_TASK GOAL_
Each record below should appear again exactly as written.

PROVIDED RECORDS below:

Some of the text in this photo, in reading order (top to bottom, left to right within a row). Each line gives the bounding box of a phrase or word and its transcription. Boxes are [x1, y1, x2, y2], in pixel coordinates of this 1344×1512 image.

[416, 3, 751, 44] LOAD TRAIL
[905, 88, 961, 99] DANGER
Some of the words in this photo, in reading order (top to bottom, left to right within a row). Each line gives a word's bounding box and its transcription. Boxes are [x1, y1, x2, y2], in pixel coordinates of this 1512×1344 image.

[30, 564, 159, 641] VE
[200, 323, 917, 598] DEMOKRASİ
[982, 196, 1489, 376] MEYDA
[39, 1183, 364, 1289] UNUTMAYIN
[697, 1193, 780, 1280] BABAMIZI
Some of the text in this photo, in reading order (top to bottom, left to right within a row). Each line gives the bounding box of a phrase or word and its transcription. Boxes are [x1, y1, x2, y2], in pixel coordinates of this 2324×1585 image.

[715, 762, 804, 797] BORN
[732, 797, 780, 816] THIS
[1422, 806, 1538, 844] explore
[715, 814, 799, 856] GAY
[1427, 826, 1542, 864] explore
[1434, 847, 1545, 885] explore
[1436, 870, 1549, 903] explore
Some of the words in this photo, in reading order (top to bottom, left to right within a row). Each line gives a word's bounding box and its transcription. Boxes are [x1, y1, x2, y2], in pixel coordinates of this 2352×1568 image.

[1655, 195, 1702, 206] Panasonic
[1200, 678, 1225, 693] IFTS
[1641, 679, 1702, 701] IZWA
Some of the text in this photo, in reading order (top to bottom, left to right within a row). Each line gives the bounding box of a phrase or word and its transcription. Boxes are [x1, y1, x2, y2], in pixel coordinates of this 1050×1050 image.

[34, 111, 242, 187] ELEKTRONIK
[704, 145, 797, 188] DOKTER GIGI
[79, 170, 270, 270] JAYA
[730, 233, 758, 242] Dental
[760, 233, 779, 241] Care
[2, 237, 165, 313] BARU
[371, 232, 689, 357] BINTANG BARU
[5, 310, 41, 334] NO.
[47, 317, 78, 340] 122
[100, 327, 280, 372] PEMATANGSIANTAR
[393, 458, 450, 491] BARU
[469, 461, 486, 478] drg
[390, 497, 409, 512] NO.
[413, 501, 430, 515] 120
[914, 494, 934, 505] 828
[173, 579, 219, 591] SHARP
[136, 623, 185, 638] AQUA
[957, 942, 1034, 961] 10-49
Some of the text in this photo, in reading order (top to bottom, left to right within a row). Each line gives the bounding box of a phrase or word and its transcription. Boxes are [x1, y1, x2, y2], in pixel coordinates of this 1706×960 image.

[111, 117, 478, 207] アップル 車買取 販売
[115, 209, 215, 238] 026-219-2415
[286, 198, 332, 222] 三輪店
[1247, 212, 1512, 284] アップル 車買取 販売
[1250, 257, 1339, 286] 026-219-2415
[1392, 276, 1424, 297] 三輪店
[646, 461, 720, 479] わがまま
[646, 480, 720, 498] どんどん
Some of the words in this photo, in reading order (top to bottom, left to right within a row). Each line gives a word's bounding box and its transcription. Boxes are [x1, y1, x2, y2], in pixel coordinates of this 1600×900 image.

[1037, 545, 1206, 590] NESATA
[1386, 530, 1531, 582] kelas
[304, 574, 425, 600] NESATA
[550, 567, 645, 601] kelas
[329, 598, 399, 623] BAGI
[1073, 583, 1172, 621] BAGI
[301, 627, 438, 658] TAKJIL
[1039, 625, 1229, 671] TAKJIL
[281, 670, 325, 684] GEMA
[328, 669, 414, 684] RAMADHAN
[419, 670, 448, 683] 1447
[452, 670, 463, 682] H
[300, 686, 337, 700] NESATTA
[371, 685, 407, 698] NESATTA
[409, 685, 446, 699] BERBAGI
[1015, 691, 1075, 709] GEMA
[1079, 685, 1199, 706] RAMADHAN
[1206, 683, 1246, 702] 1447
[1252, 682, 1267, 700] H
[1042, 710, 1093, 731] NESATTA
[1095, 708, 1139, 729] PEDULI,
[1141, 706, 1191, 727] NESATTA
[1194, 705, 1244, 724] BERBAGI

End of PROVIDED RECORDS.

_ANSWER BOX_
Some of the text in this photo, in reading order (top to bottom, left to right within a row). Each line gives the bounding box of a phrase or word and its transcription. Boxes are [x1, y1, x2, y2], in pixel coordinates of this 1344×1512 image.

[416, 3, 751, 44] LOAD TRAIL
[905, 88, 961, 99] DANGER
Some of the words in this photo, in reading order (top to bottom, left to right within a row). Each line gives a word's bounding box and its transcription. Boxes are [x1, y1, x2, y2], in pixel coordinates of this 1512×1344 image.

[30, 564, 159, 641] VE
[200, 323, 917, 598] DEMOKRASİ
[982, 196, 1489, 376] MEYDA
[39, 1183, 364, 1289] UNUTMAYIN
[697, 1193, 780, 1280] BABAMIZI
Some of the text in this photo, in reading order (top to bottom, left to right within a row). Each line gives the bounding box of a phrase or word and its transcription. Boxes are [x1, y1, x2, y2], in pixel coordinates of this 2324×1585 image.

[715, 762, 804, 797] BORN
[732, 797, 780, 816] THIS
[1422, 806, 1538, 844] explore
[715, 814, 799, 856] GAY
[1427, 826, 1542, 864] explore
[1434, 847, 1545, 885] explore
[1436, 870, 1549, 903] explore
Some of the words in this photo, in reading order (top to bottom, left to right within a row). Each line gives a word's bounding box and its transcription. Boxes are [x1, y1, x2, y2], in pixel coordinates of this 2352×1568 image.

[1655, 195, 1702, 206] Panasonic
[1200, 678, 1225, 693] IFTS
[1641, 679, 1702, 701] IZWA
Some of the text in this photo, in reading order (top to bottom, left to right within a row). Each line gives the bounding box of a phrase or word and its transcription. Boxes are [x1, y1, x2, y2], in pixel coordinates of this 1050×1050 image.

[34, 111, 242, 187] ELEKTRONIK
[704, 145, 797, 188] DOKTER GIGI
[79, 170, 270, 270] JAYA
[730, 233, 758, 242] Dental
[760, 233, 779, 241] Care
[2, 237, 165, 313] BARU
[371, 232, 689, 357] BINTANG BARU
[5, 310, 41, 334] NO.
[47, 317, 78, 340] 122
[100, 327, 280, 372] PEMATANGSIANTAR
[393, 458, 450, 491] BARU
[469, 461, 486, 478] drg
[390, 497, 409, 512] NO.
[413, 501, 430, 515] 120
[914, 494, 934, 505] 828
[173, 579, 219, 591] SHARP
[136, 623, 185, 638] AQUA
[957, 942, 1034, 961] 10-49
Some of the text in this photo, in reading order (top to bottom, left to right within a row). Each line gives the bounding box of a phrase or word and its transcription. Boxes are [x1, y1, x2, y2], in pixel coordinates of this 1706×960 image.

[111, 117, 478, 207] アップル 車買取 販売
[115, 209, 215, 238] 026-219-2415
[286, 198, 332, 222] 三輪店
[1247, 212, 1512, 284] アップル 車買取 販売
[1250, 257, 1339, 286] 026-219-2415
[1392, 276, 1424, 297] 三輪店
[646, 461, 720, 479] わがまま
[646, 480, 720, 498] どんどん
Some of the words in this photo, in reading order (top to bottom, left to right within a row). Each line gives a word's bounding box and its transcription. Boxes are [x1, y1, x2, y2], in pixel coordinates of this 1600×900 image.

[1037, 545, 1206, 590] NESATA
[1386, 530, 1531, 582] kelas
[304, 574, 425, 600] NESATA
[550, 567, 645, 601] kelas
[329, 598, 399, 623] BAGI
[1073, 583, 1172, 621] BAGI
[301, 627, 438, 658] TAKJIL
[1039, 625, 1229, 671] TAKJIL
[281, 670, 325, 684] GEMA
[328, 669, 414, 684] RAMADHAN
[419, 670, 448, 683] 1447
[452, 670, 463, 682] H
[300, 686, 337, 700] NESATTA
[371, 685, 407, 698] NESATTA
[409, 685, 446, 699] BERBAGI
[1015, 691, 1075, 709] GEMA
[1079, 685, 1199, 706] RAMADHAN
[1206, 683, 1246, 702] 1447
[1252, 682, 1267, 700] H
[1042, 710, 1093, 731] NESATTA
[1095, 708, 1139, 729] PEDULI,
[1141, 706, 1191, 727] NESATTA
[1194, 705, 1244, 724] BERBAGI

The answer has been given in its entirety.